Number:
AGO 96-58
Issued
Subject:
Records; emergency medical technicians' drug tests
Mr. Fred D. Franklin, Jr.
City of Jacksonville General Counsel
1300 City Hall
220 East Bay Street
Jacksonville, Florida 32202
Attention: Mr. Neill W. McArthur, Jr., Assistant General Counsel
RE: MEDICAL RECORDS--PUBLIC EMPLOYEES--HEALTH CARE PRACTITIONERS--EMERGENCY MEDICAL PERSONNEL--MUNICIPALITIES--city medical director's ability to submit drug test results of paramedics or emergency medical technicians to Department of Health and Rehabilitative Services. s. 401.165, Fla. Stat.
Dear Mr. Franklin:
You ask substantially the following question:
May the Medical Director for the City of Jacksonville's Fire and Rescue Department submit drug test results to the Department of Health and Rehabilitative Services pursuant to section 401.265(2), Florida Statutes, when the director, as a private physician under contract with the city, has performed the physical examinations on medical technicians and paramedics?
In sum:
Written authorization by the patient to release the results of drug testing to the city and the additional statutory requirement that the city's medical director report any incident that would lead to discipline against a medical technician or paramedic to the Department of Health and Rehabilitative Services, allow the medical director to submit drug test results to the department as required by section 401.265(2), Florida Statutes.

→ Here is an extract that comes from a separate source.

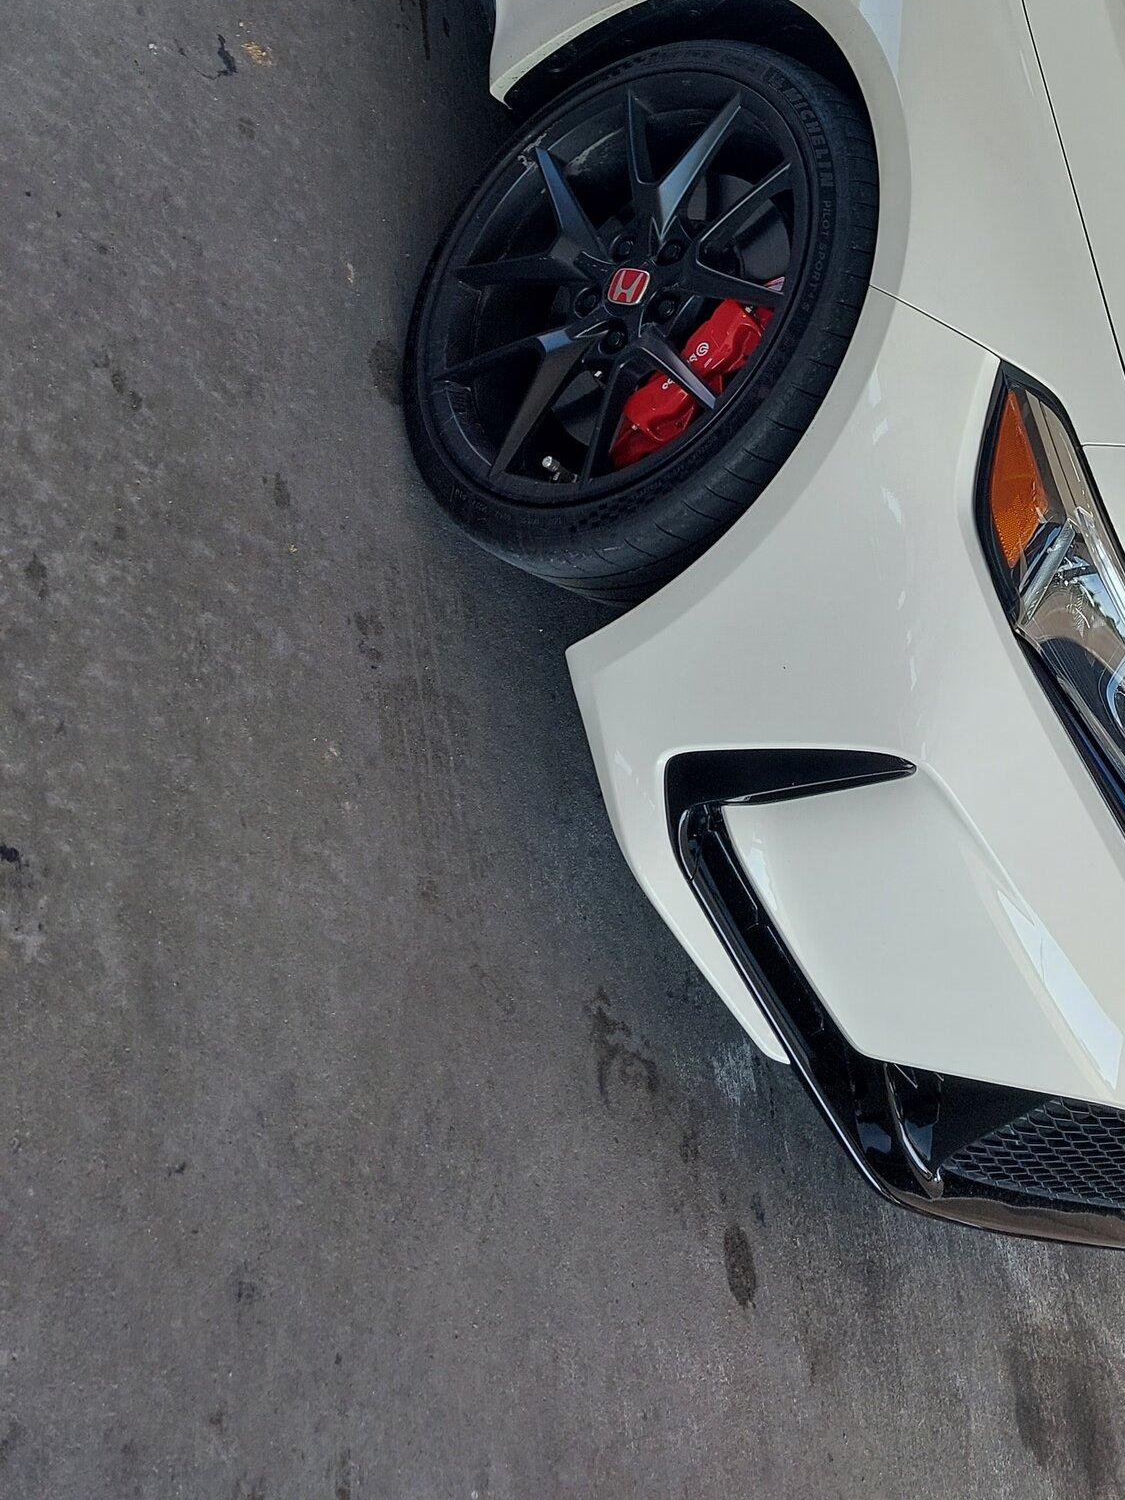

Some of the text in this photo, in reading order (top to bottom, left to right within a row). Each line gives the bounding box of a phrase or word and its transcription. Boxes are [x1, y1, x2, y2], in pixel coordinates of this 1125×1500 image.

[782, 88, 835, 187] MICHELIN
[821, 200, 831, 235] PILOT
[809, 243, 826, 287] SPORT

You state that the City of Jacksonville has a contract with a local physician to serve as the medical director for the Rescue Division of the Fire and Rescue Department as required by section 401.165(1), Florida Statutes. The same physician has a contract with the city to perform routine preemployment and annual fitness for duty physical examinations for emergency medical technicians, paramedics and firefighters. These examinations include drug testing. While "reasonable suspicion" drug testing is performed by an occupational health clinic affiliated with a local hospital, the medical director performs all drug testing in conjunction with preemployment and annual fitness for duty physical examinations.[1]
The drug testing is performed pursuant to a collective bargaining agreement under which employees required to take physical examinations or tests must sign an authorization to release medical records to the city. The agreement further provides that drug test results are considered confidential medical records that will be kept confidential to the extent permitted by law.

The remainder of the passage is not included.